Opinião & Análise

Direito Ambiental

A imprecisão (ou não) da nova lei sobre compensação ambiental

Ao que parece, a Lei nº 13.668/2018 já surgiu com necessidade de regulamentação

Crédito: Pixabay

O direito ambiental tem como uma de suas características estabelecer políticas predominantemente preventivas, tendo em vista a finitude dos recursos naturais. Com base nesse escopo, no dia 29 de maio de 2018 foi publicada a Lei nº 13.668/2018 (decorrente da Medida Provisória nº 809/2017), que autoriza o Instituto Chico Mendes a selecionar uma instituição financeira, dispensada a licitação, para criar e administrar um fundo privado. Esse fundo, cujo fim é financiar unidades federais de conservação, será integralizado com recursos oriundos da compensação ambiental decorrente do licenciamento de empreendimentos de significativo impacto ao meio ambiente.

Pela Lei nº 9.985/2000, tais empreendimentos já estavam sujeitos ao pagamento (execução indireta) de montante destinado à manutenção de unidade de conservação do Grupo de Proteção Integral, sem prejuízo de outras medidas práticas (execução direta), como forma de compartilhamento entre o Poder Público e os empreendedores das despesas necessárias à tutela do meio ambiente e de promoção, ao mesmo tempo, da sustentabilidade do desenvolvimento econômico.

O Instituto Chico Mendes chegou a prever, em sua Instrução Normativa nº 20/2011, que o pagamento fosse realizado por meio de depósito junto à Caixa Econômica Federal, em “contas escriturais de compensação em nome do empreendimento”. Todavia, o Tribunal de Contas da União suspendeu esse procedimento, por ausência de previsão específica na Lei nº 9.985/2000. Segundo o entendimento do TCU, deu-se aos depósitos um caráter extra orçamentário, além de ter retirado a importância da obrigação de fazer para atribuí-la predominantemente à obrigação de dar dinheiro.

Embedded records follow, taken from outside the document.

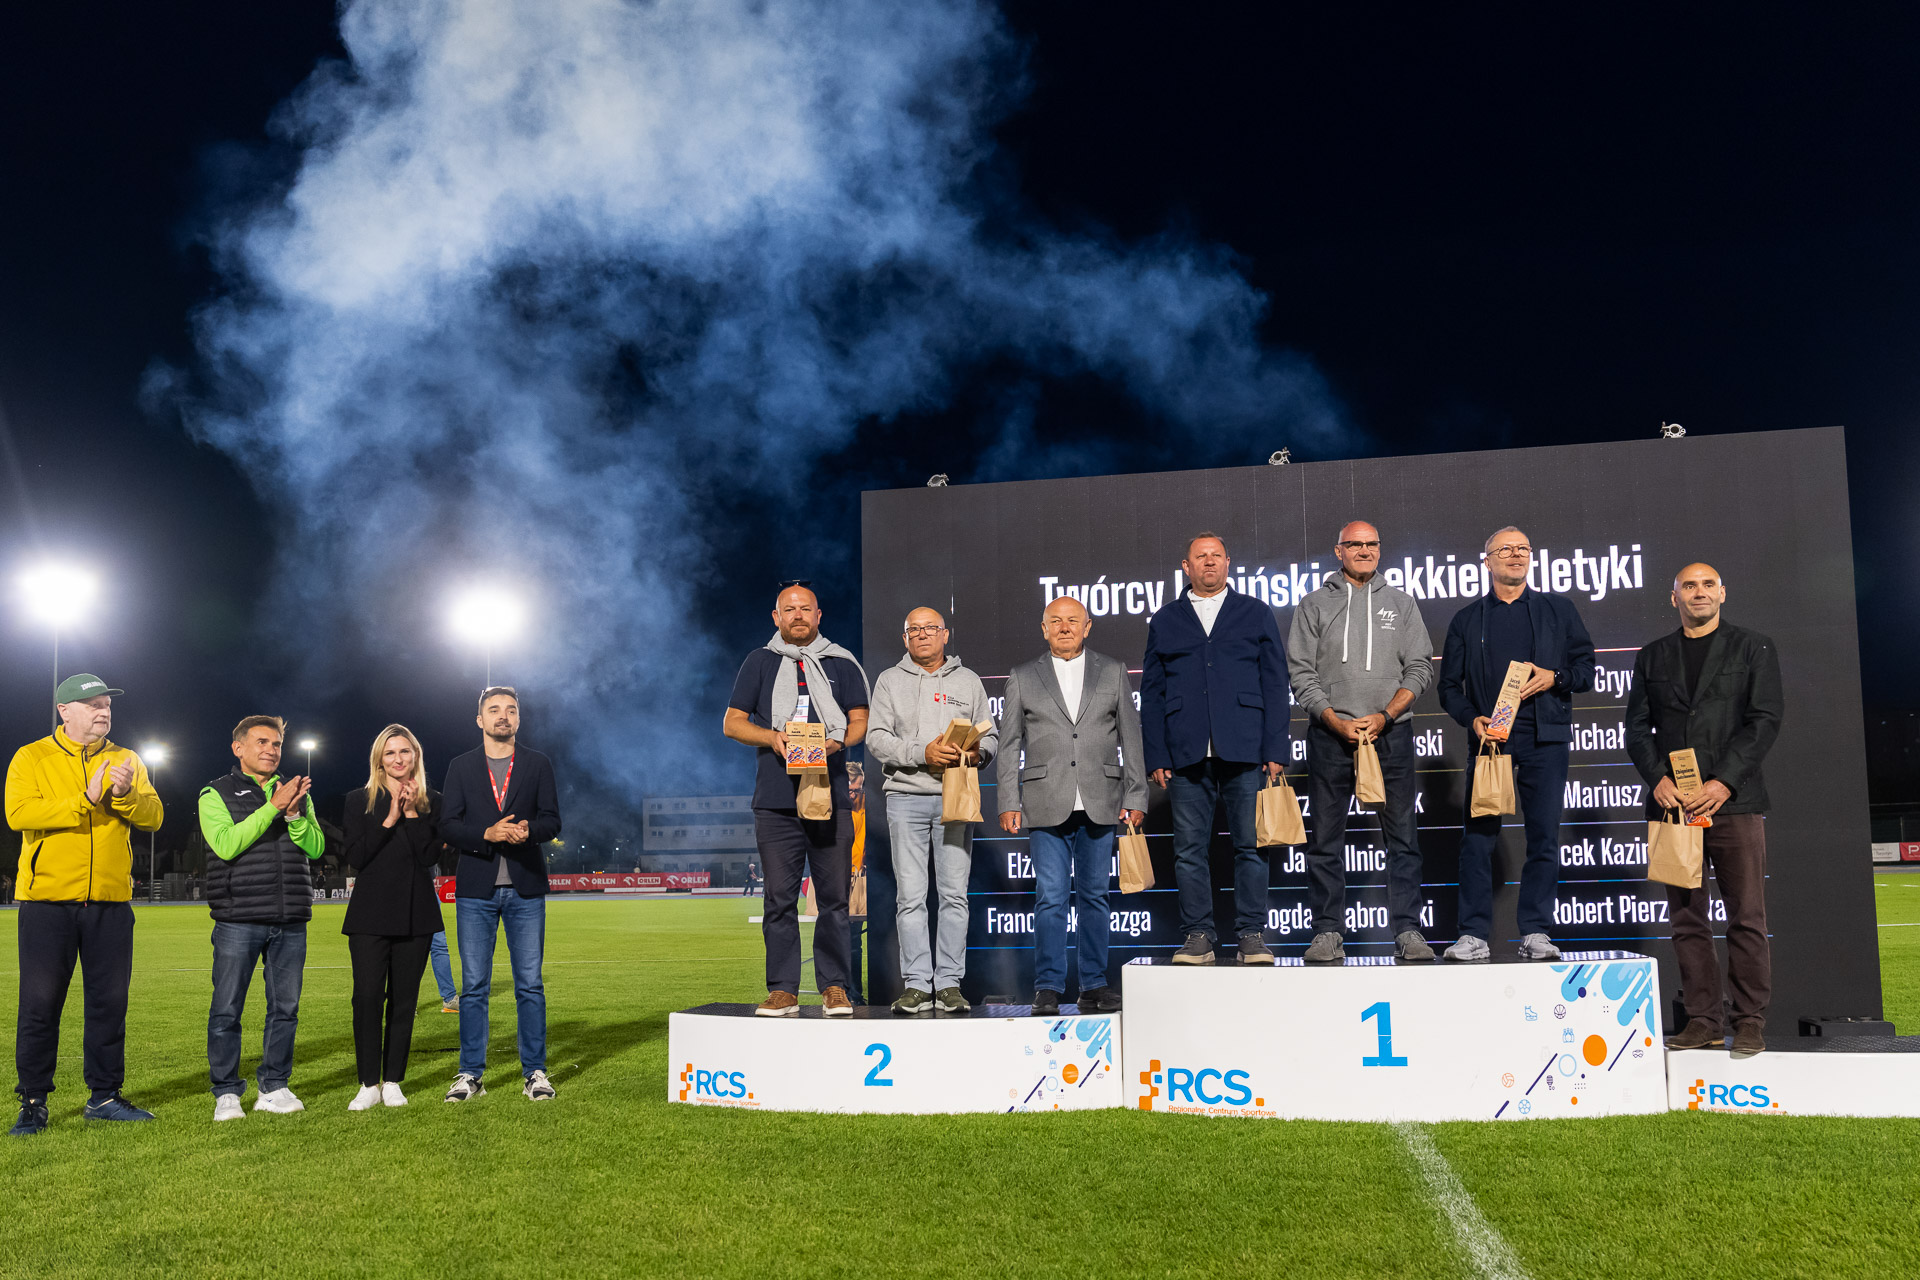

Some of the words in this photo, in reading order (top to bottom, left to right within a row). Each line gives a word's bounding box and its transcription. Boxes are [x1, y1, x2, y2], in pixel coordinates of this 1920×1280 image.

[1384, 553, 1491, 600] ekkiej
[1526, 543, 1643, 602] tletyki
[1563, 779, 1643, 809] Mariusz
[1283, 846, 1308, 873] Ja
[1560, 838, 1596, 866] cek
[591, 877, 616, 885] ORLEN
[638, 877, 661, 885] ORLEN
[680, 876, 709, 884] ORLEN
[1109, 911, 1151, 937] azga
[1263, 902, 1313, 935] ogda
[1361, 1001, 1408, 1067] 1
[864, 1043, 893, 1087] 2
[1168, 1105, 1206, 1114] Regionalne
[1208, 1107, 1239, 1115] Centrum
[1240, 1108, 1277, 1116] Sportowe
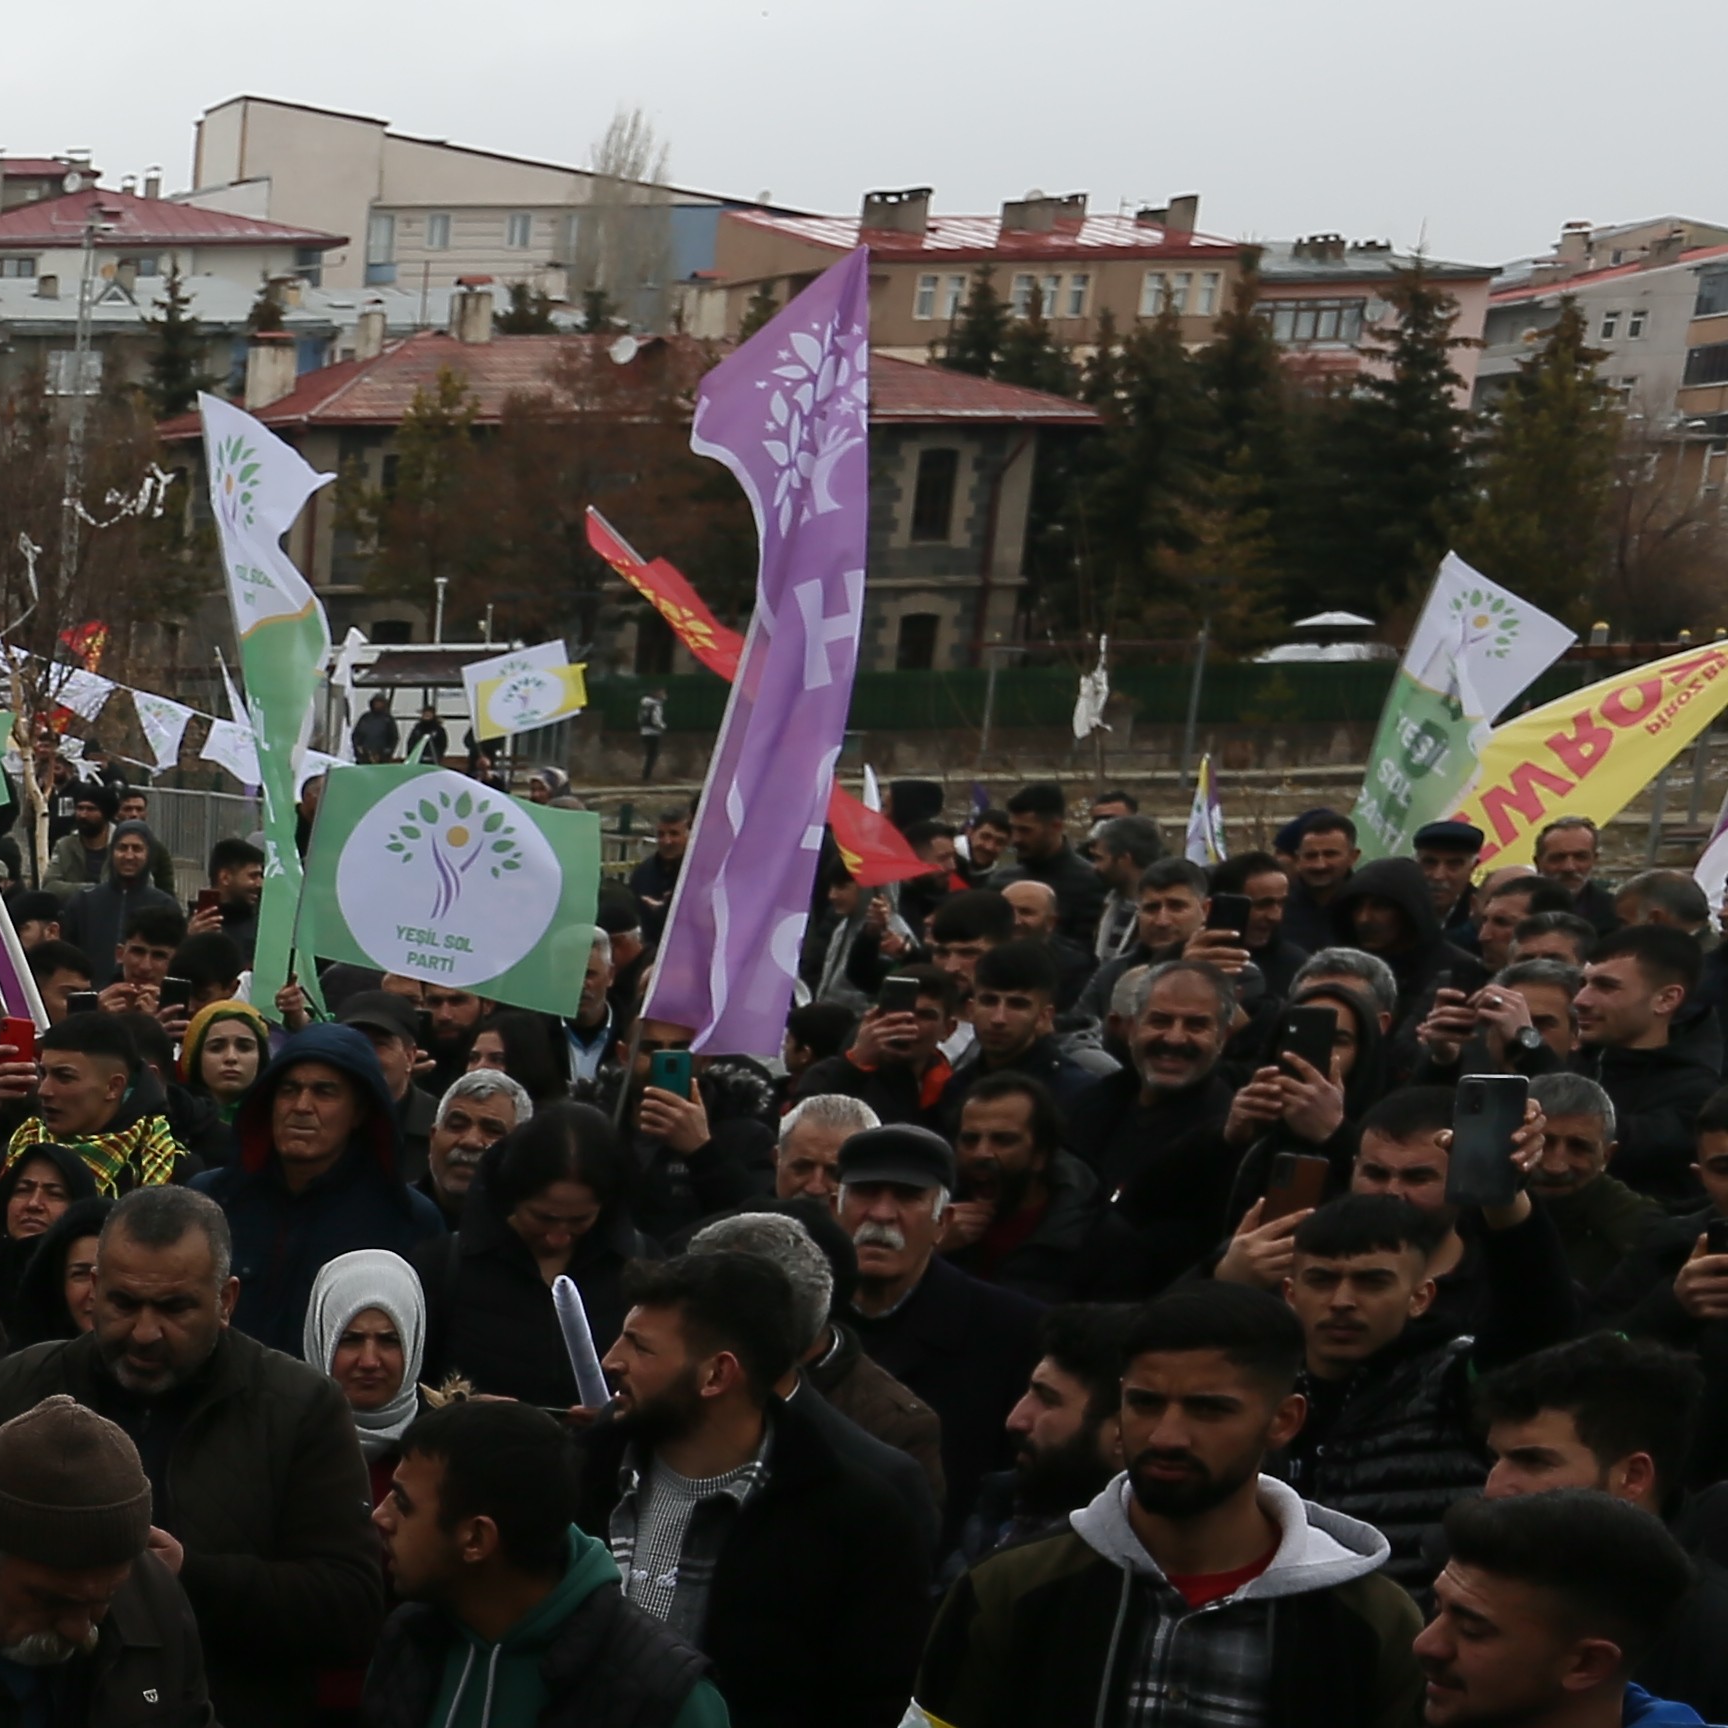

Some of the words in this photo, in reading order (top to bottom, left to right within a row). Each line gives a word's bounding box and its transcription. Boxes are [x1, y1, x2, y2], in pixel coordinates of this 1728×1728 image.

Assim, a Lei nº 13.668/2018 foi promulgada sob a justificativa de facilitar a execução dos depósitos para fins de pagamento da compensação ambiental e de conferir viabilidade à verificação de seu cumprimento.

Entretanto, vale lembrar que o pagamento em dinheiro traz mais dificuldades para o rastreamento de sua aplicação enquanto, por outro lado, traz facilitações para desvios de finalidade.

Além disso, uma questão que imprime reflexão à nova lei está no fato de ter ela previsto, em seu art. 1º, § 2º, que “o depósito integral do valor fixado pelo órgão licenciador desonera o empreendedor das obrigações relacionadas à compensação ambiental”. Ao assim dispor, a lei deixou de diferenciar as obrigações com natureza de fazer daquelas pecuniárias e abriu brecha para a interpretação de que qualquer medida relacionada à compensação ambiental pode ser substituída pelo depósito ao fundo.

Em verdade, não se sabe se essa foi de fato a intenção ou se é o caso de imprecisão do texto legal.

De todo modo, ao que parece, a Lei nº 13.668/2018 já surgiu com necessidade de regulamentação, especialmente diante do receio da possibilidade de o particular deixar de realizar as medidas práticas de compensação ambiental para, em seu lugar, realizar um depósito ao fundo.

Diante da sanha arrecadatória do estado, é possível que os depósitos sejam utilizados amplamente, em detrimento das medidas práticas de compensação que poderiam ser determinadas para o particular, o que representaria um retrocesso, frente à possibilidade de desvios de finalidade na aplicação do montante arrecadado e à incapacidade de o Poder Público executar políticas ambientais eficazes.